§ Task to carry out
Would you copy the listing below exactly, keeping the pictures out?

---- Dataset excerpts

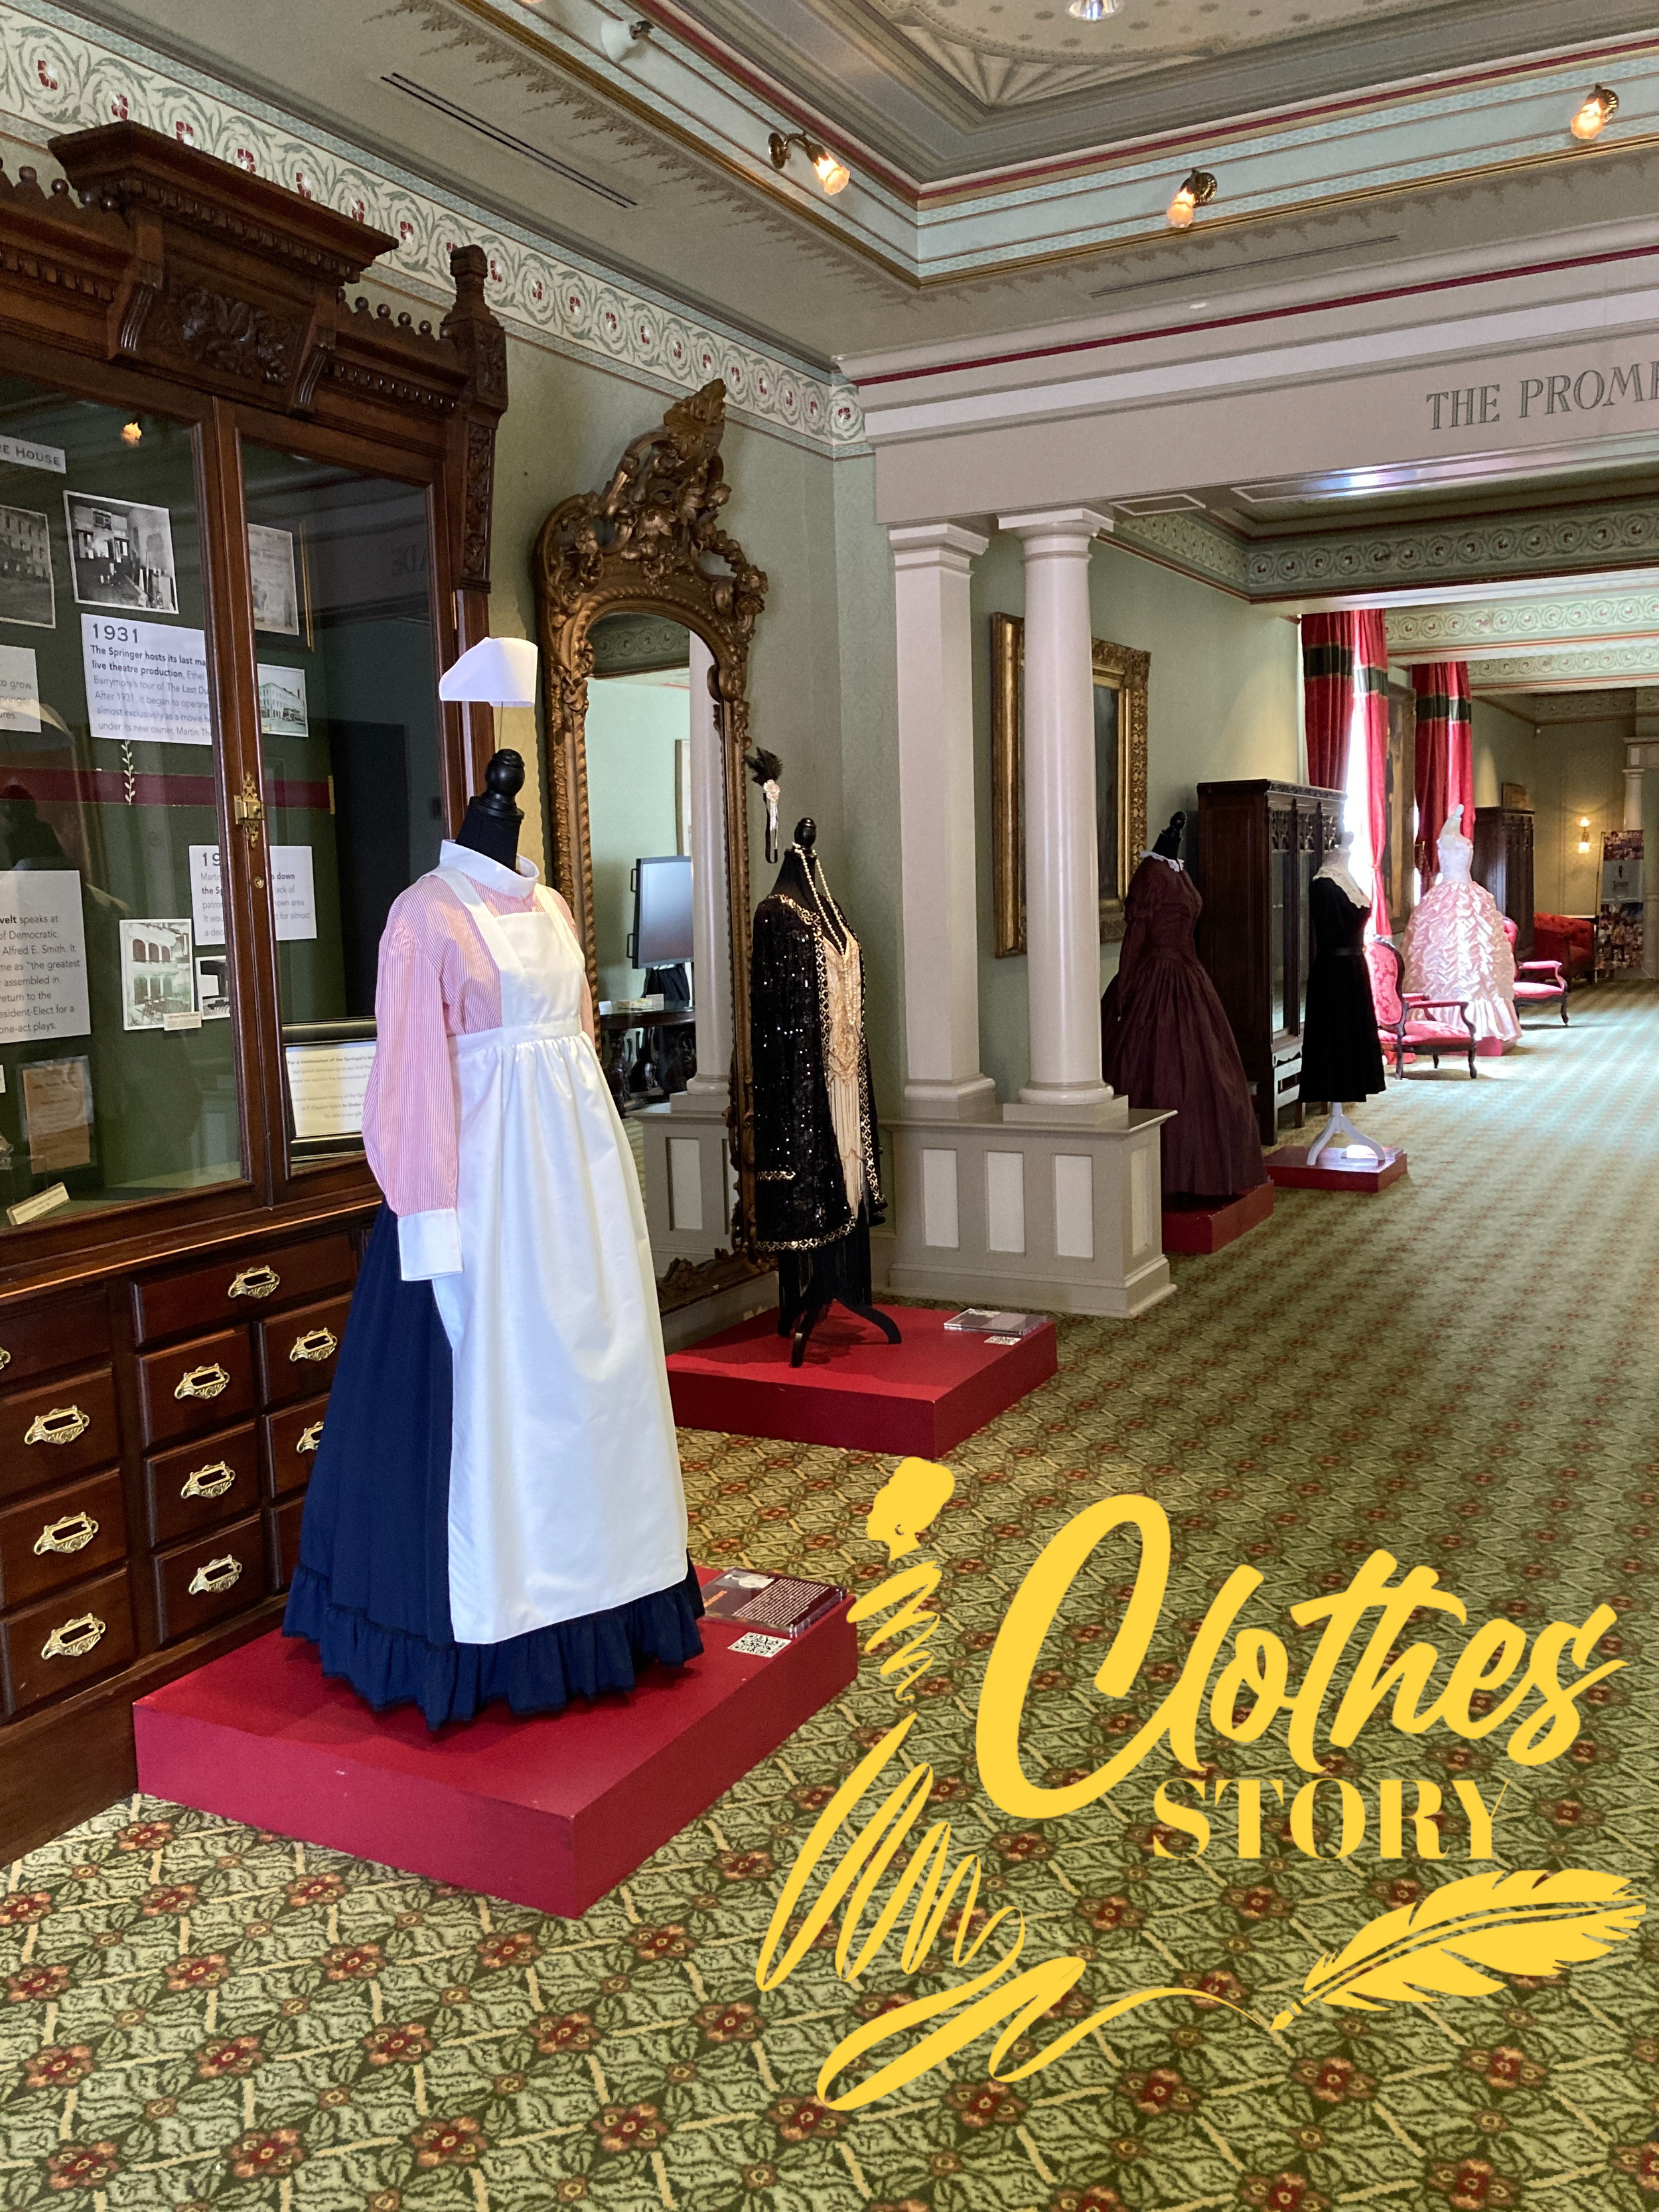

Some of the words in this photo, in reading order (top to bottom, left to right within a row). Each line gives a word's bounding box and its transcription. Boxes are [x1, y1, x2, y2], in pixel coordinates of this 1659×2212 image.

[1425, 384, 1500, 430] THE
[16, 446, 60, 467] HOUSE
[93, 623, 138, 643] 1931
[90, 644, 106, 654] The
[109, 647, 143, 660] Springer
[145, 651, 166, 662] hosts
[167, 654, 177, 663] its
[179, 654, 192, 665] last
[92, 660, 106, 670] live
[109, 662, 138, 673] theatre
[186, 670, 204, 680] Ethel
[10, 681, 31, 690] grow
[94, 675, 138, 688] Barrymore's
[157, 682, 164, 691] of
[167, 683, 180, 692] The
[182, 685, 196, 694] Last
[95, 691, 113, 701] After
[139, 694, 145, 703] it
[146, 695, 169, 707] began
[181, 700, 208, 709] operate
[97, 706, 124, 717] almost
[125, 710, 164, 721] exclusively
[98, 721, 121, 731] under
[177, 726, 199, 737] Martin
[19, 914, 48, 926] speaks
[291, 911, 311, 920] almost
[9, 930, 58, 940] Democratic
[2, 945, 29, 955] Alfred
[70, 942, 76, 952] It
[47, 960, 81, 971] greatest
[4, 975, 50, 987] assembled
[38, 991, 52, 999] the
[56, 1004, 67, 1013] for
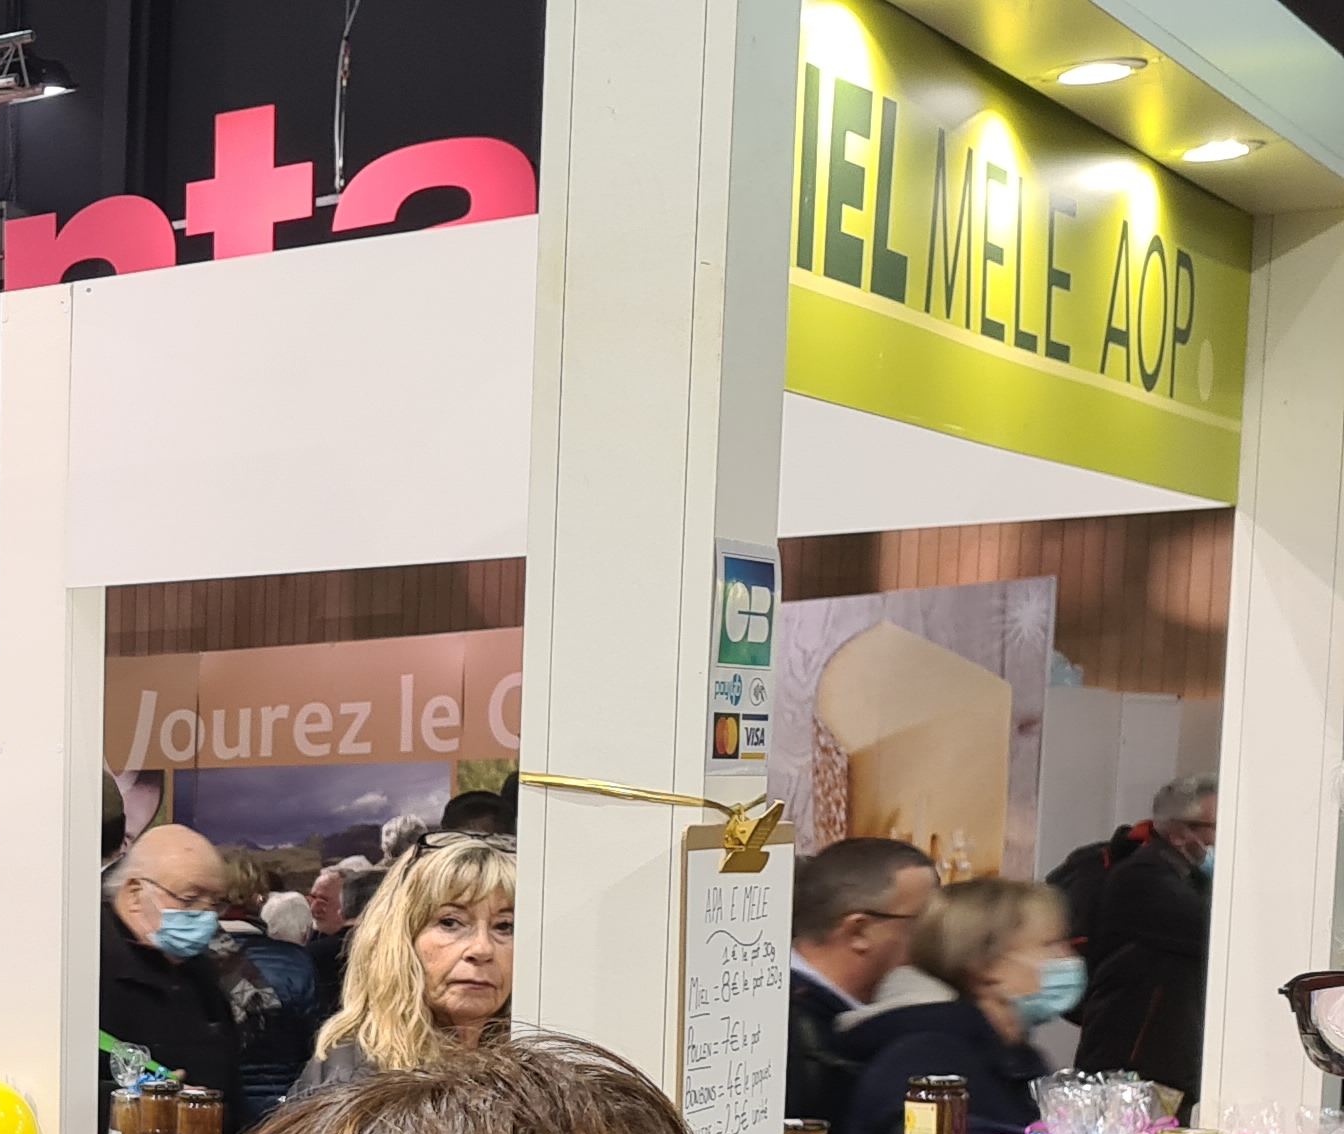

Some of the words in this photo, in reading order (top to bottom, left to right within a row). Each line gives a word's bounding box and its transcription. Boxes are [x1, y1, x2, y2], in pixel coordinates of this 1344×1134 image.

[797, 63, 908, 304] IEL
[924, 127, 1078, 363] MELE
[1100, 220, 1195, 398] AOP
[400, 674, 460, 753] le
[745, 727, 766, 747] VISA
[742, 886, 770, 922] MELE
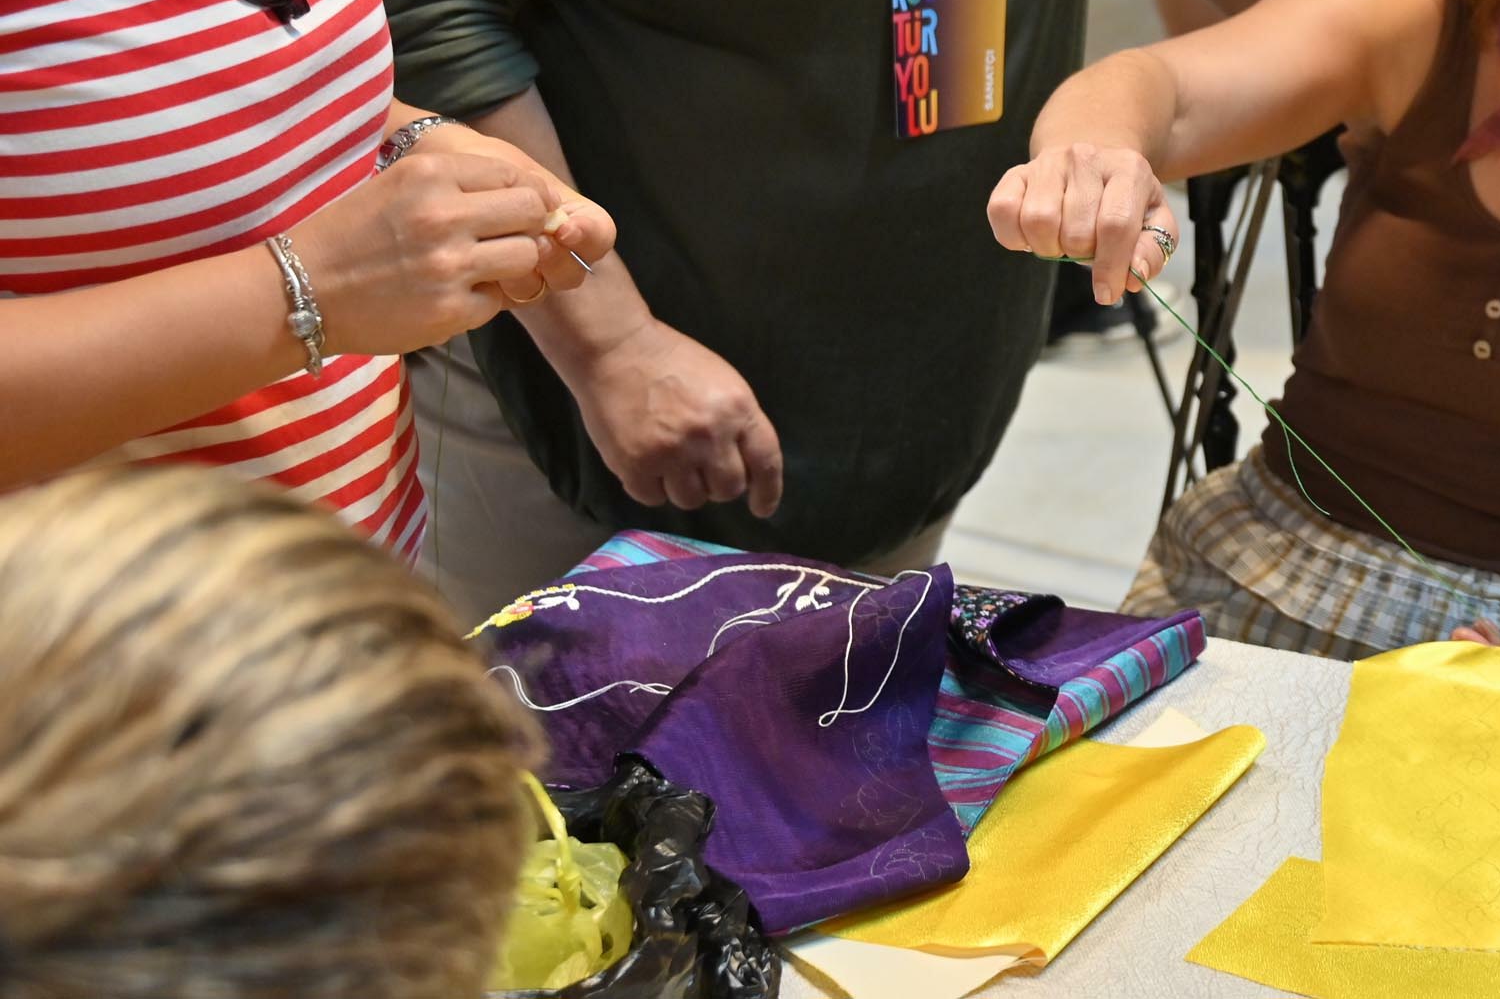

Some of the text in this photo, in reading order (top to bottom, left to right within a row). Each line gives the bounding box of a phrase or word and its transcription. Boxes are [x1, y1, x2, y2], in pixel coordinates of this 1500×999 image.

--------

§ Problem solution
Some of the words in this photo, in reading order (top to bottom, left to right within a row). Each line gives a word's bounding box and its transcription. Boxes are [x1, y1, x2, y2], in pixel coordinates of this 1659×2212 image.

[1425, 384, 1500, 430] THE
[16, 446, 60, 467] HOUSE
[93, 623, 138, 643] 1931
[90, 644, 106, 654] The
[109, 647, 143, 660] Springer
[145, 651, 166, 662] hosts
[167, 654, 177, 663] its
[179, 654, 192, 665] last
[92, 660, 106, 670] live
[109, 662, 138, 673] theatre
[186, 670, 204, 680] Ethel
[10, 681, 31, 690] grow
[94, 675, 138, 688] Barrymore's
[157, 682, 164, 691] of
[167, 683, 180, 692] The
[182, 685, 196, 694] Last
[95, 691, 113, 701] After
[139, 694, 145, 703] it
[146, 695, 169, 707] began
[181, 700, 208, 709] operate
[97, 706, 124, 717] almost
[125, 710, 164, 721] exclusively
[98, 721, 121, 731] under
[177, 726, 199, 737] Martin
[19, 914, 48, 926] speaks
[291, 911, 311, 920] almost
[9, 930, 58, 940] Democratic
[2, 945, 29, 955] Alfred
[70, 942, 76, 952] It
[47, 960, 81, 971] greatest
[4, 975, 50, 987] assembled
[38, 991, 52, 999] the
[56, 1004, 67, 1013] for

Some of the words in this photo, in reading order (top to bottom, left to right within a row). Each line gives a word's bounding box and its transcription. Boxes are [x1, y1, x2, y2], in pixel coordinates of this 1344×1134 image.

[797, 63, 908, 304] IEL
[924, 127, 1078, 363] MELE
[1100, 220, 1195, 398] AOP
[400, 674, 460, 753] le
[745, 727, 766, 747] VISA
[742, 886, 770, 922] MELE

Some of the text in this photo, in reading order (top to bottom, left to right within a row). Each line gives the bounding box of a phrase or word and its transcription. Boxes are [x1, y1, x2, y2], in pixel coordinates of this 1500×999 image.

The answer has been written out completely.